* [What you need to do]
Print the records below exactly as they appear. Omit all pictures.

________________________________________

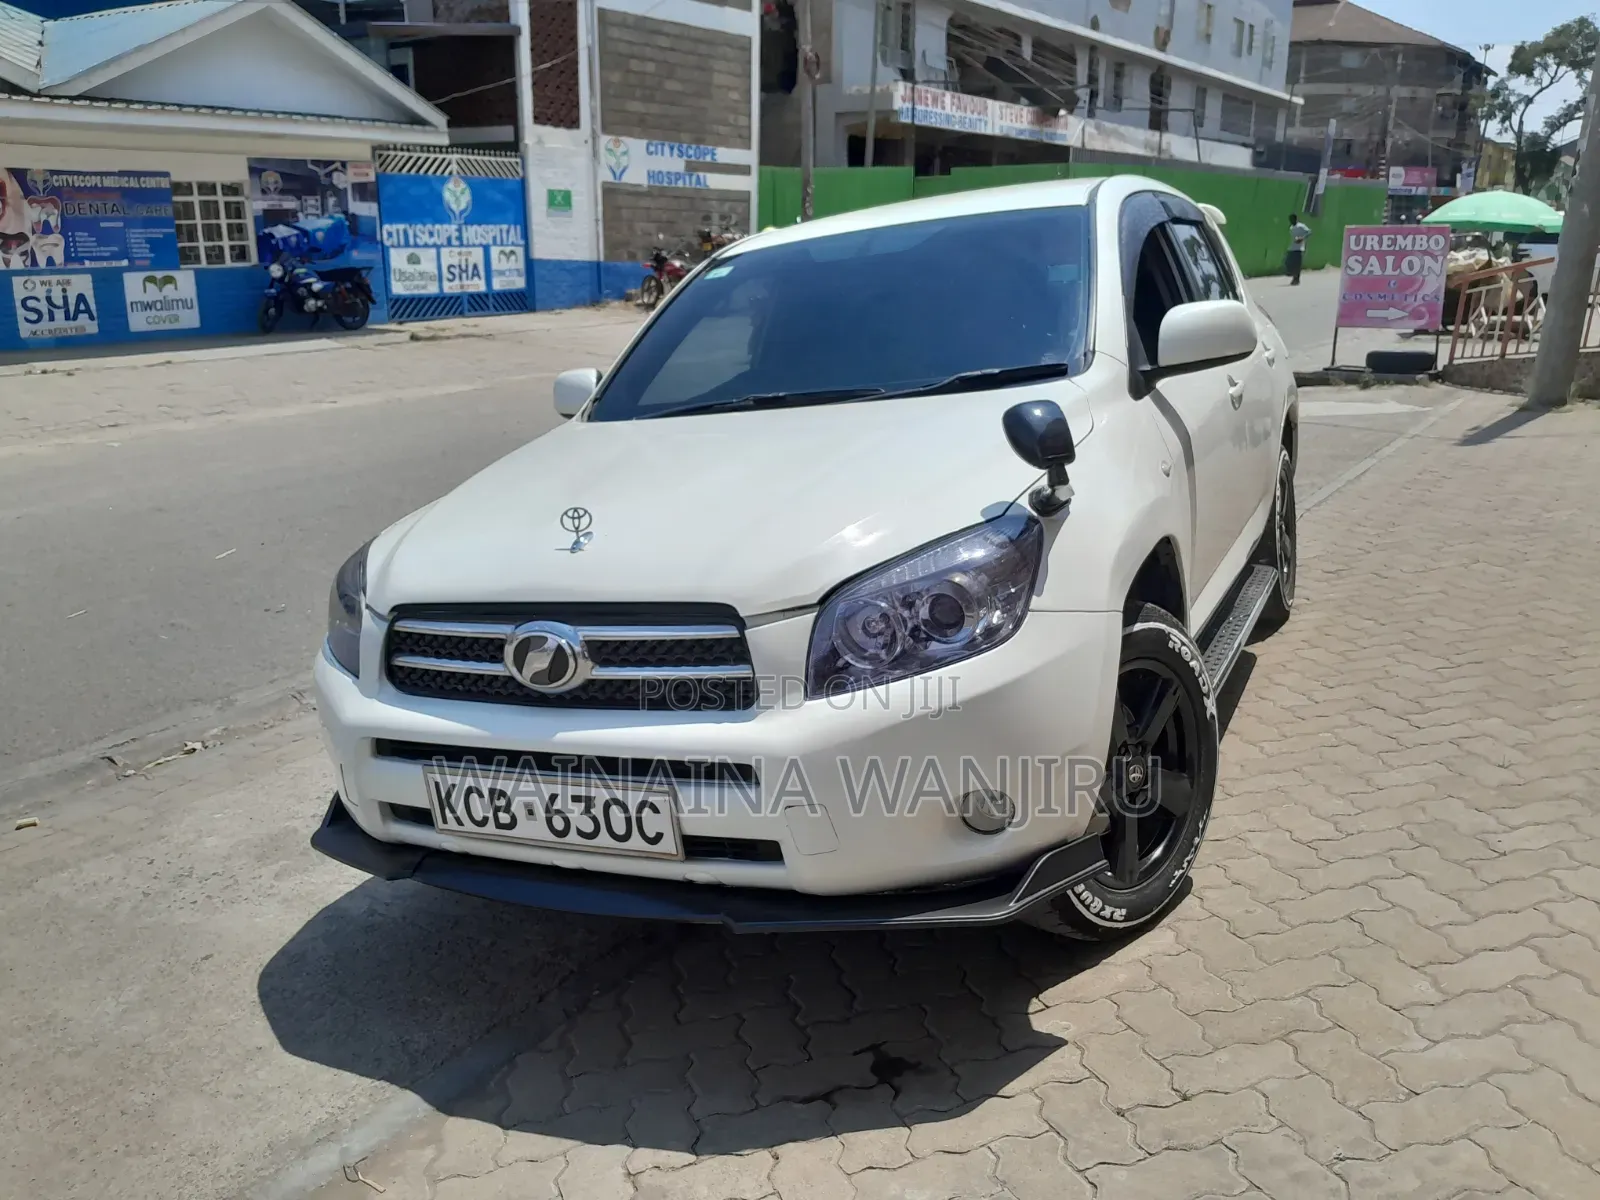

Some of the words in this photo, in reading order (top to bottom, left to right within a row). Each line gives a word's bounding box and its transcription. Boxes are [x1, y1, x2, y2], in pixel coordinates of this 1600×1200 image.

[646, 142, 718, 162] CITYSCOPE
[52, 175, 101, 188] CITYSCOPE
[646, 170, 710, 188] HOSPITAL
[64, 202, 130, 217] DENTAL
[382, 223, 460, 246] CITYSCOPE
[464, 224, 525, 246] HOSPITAL
[1349, 234, 1446, 251] UREMBO
[446, 259, 482, 283] SHA
[1346, 255, 1444, 276] SALON
[39, 280, 53, 288] WE
[56, 278, 73, 287] ARE
[20, 289, 96, 324] SHA
[130, 296, 194, 314] mwalimu
[1342, 293, 1441, 302] COSMETICS
[146, 314, 180, 325] COVER
[433, 781, 518, 831] KCB
[545, 792, 665, 846] 630C
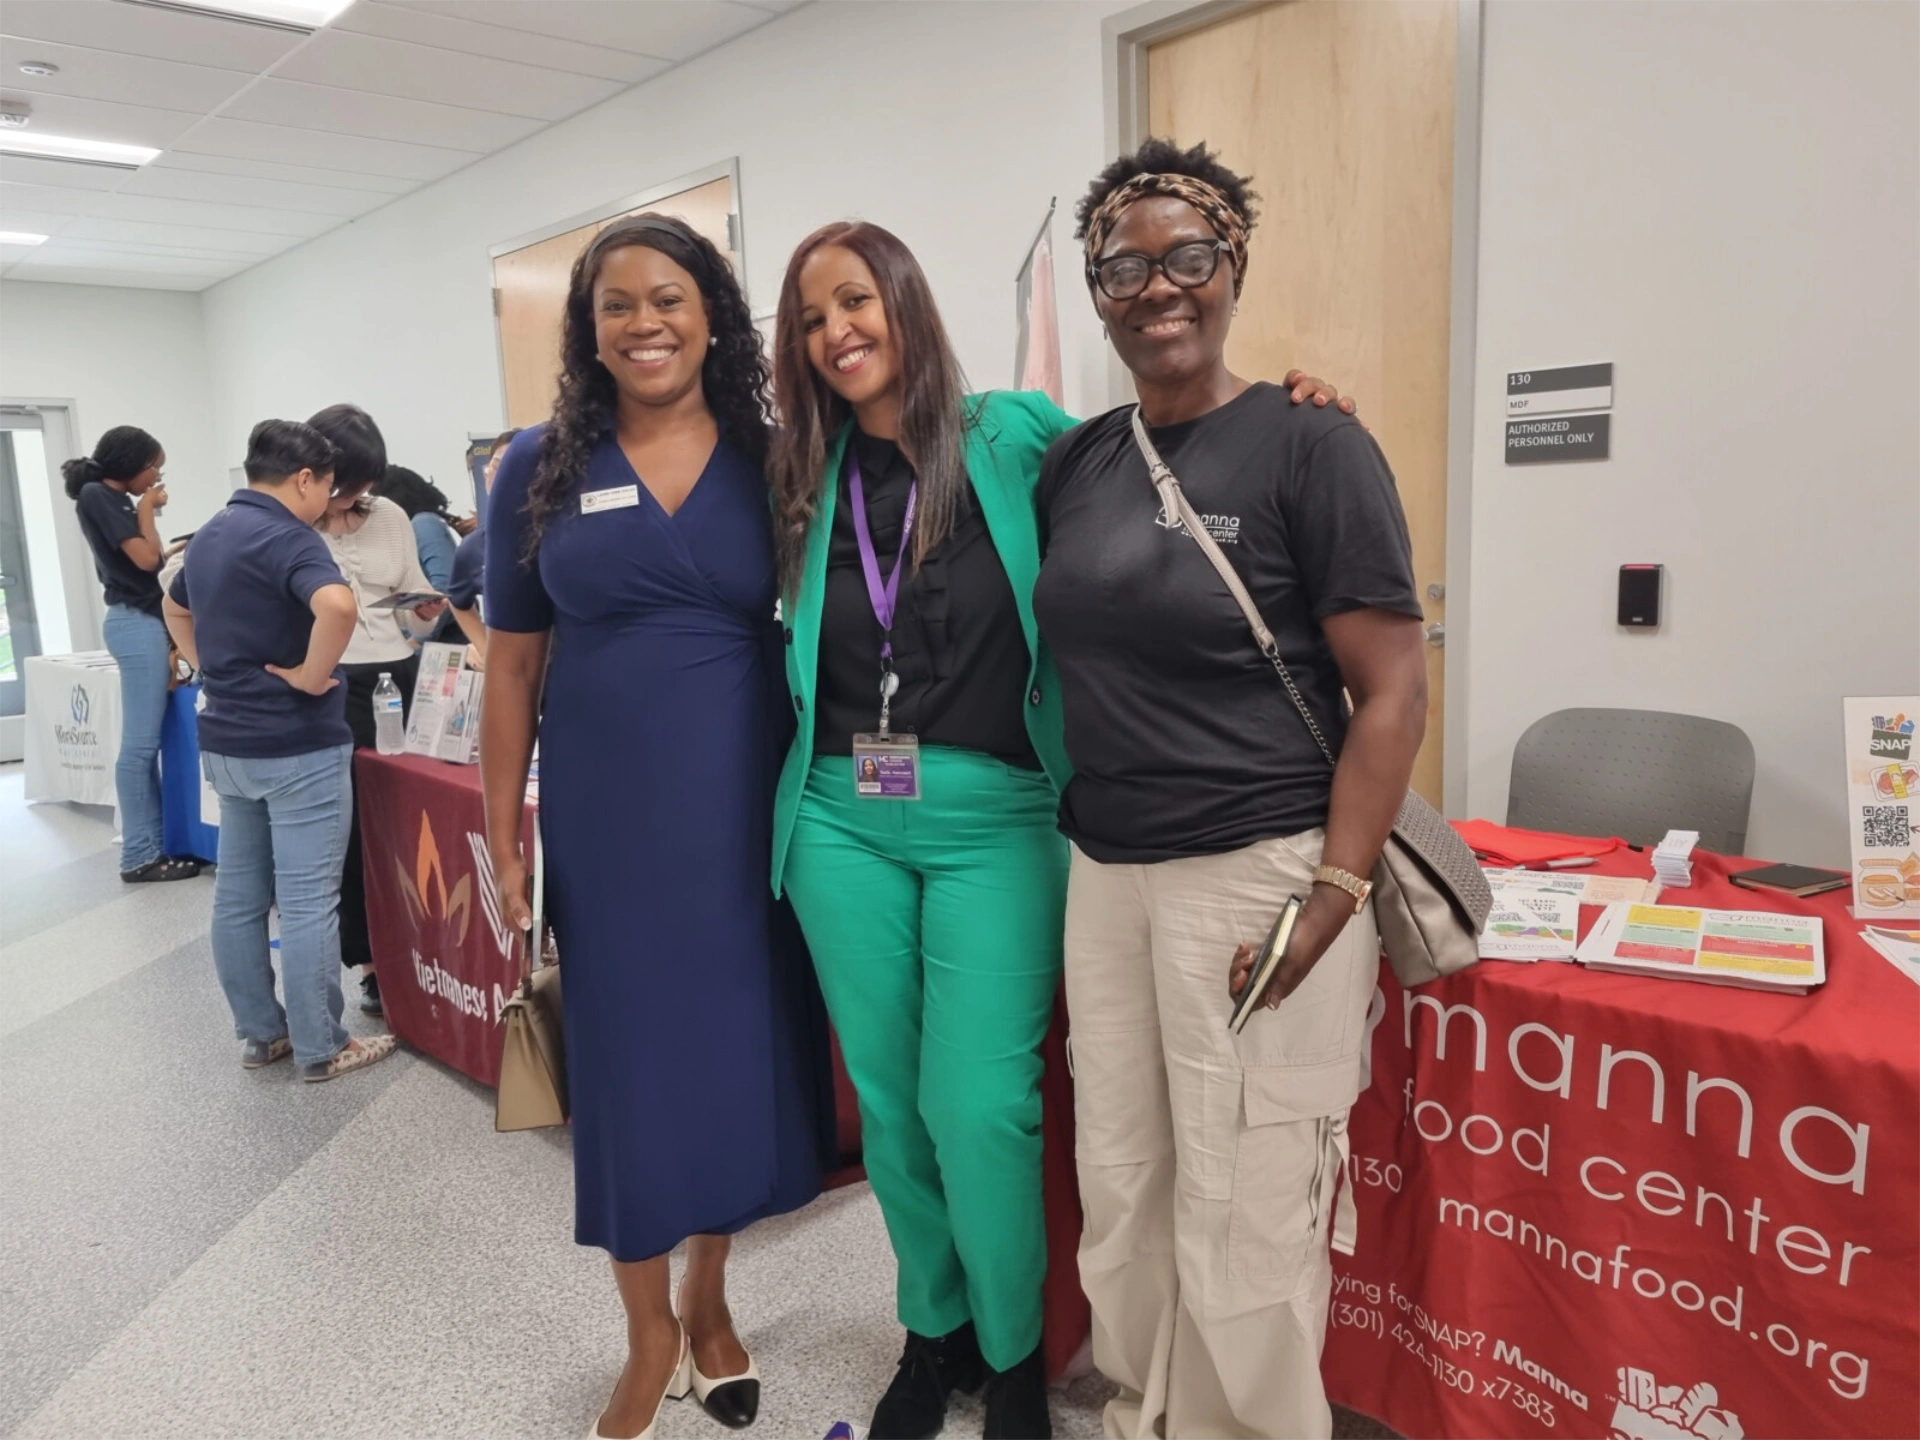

________________________________________

* [Result of the exercise]
Some of the words in this photo, in reading order (top to bottom, left to right within a row). Each line gives a word's bounding box and its transcription. Boxes are [x1, y1, x2, y2], in pixel coordinates of this 1600×1200 image.

[646, 142, 718, 162] CITYSCOPE
[52, 175, 101, 188] CITYSCOPE
[646, 170, 710, 188] HOSPITAL
[64, 202, 130, 217] DENTAL
[382, 223, 460, 246] CITYSCOPE
[464, 224, 525, 246] HOSPITAL
[1349, 234, 1446, 251] UREMBO
[446, 259, 482, 283] SHA
[1346, 255, 1444, 276] SALON
[39, 280, 53, 288] WE
[56, 278, 73, 287] ARE
[20, 289, 96, 324] SHA
[130, 296, 194, 314] mwalimu
[1342, 293, 1441, 302] COSMETICS
[146, 314, 180, 325] COVER
[433, 781, 518, 831] KCB
[545, 792, 665, 846] 630C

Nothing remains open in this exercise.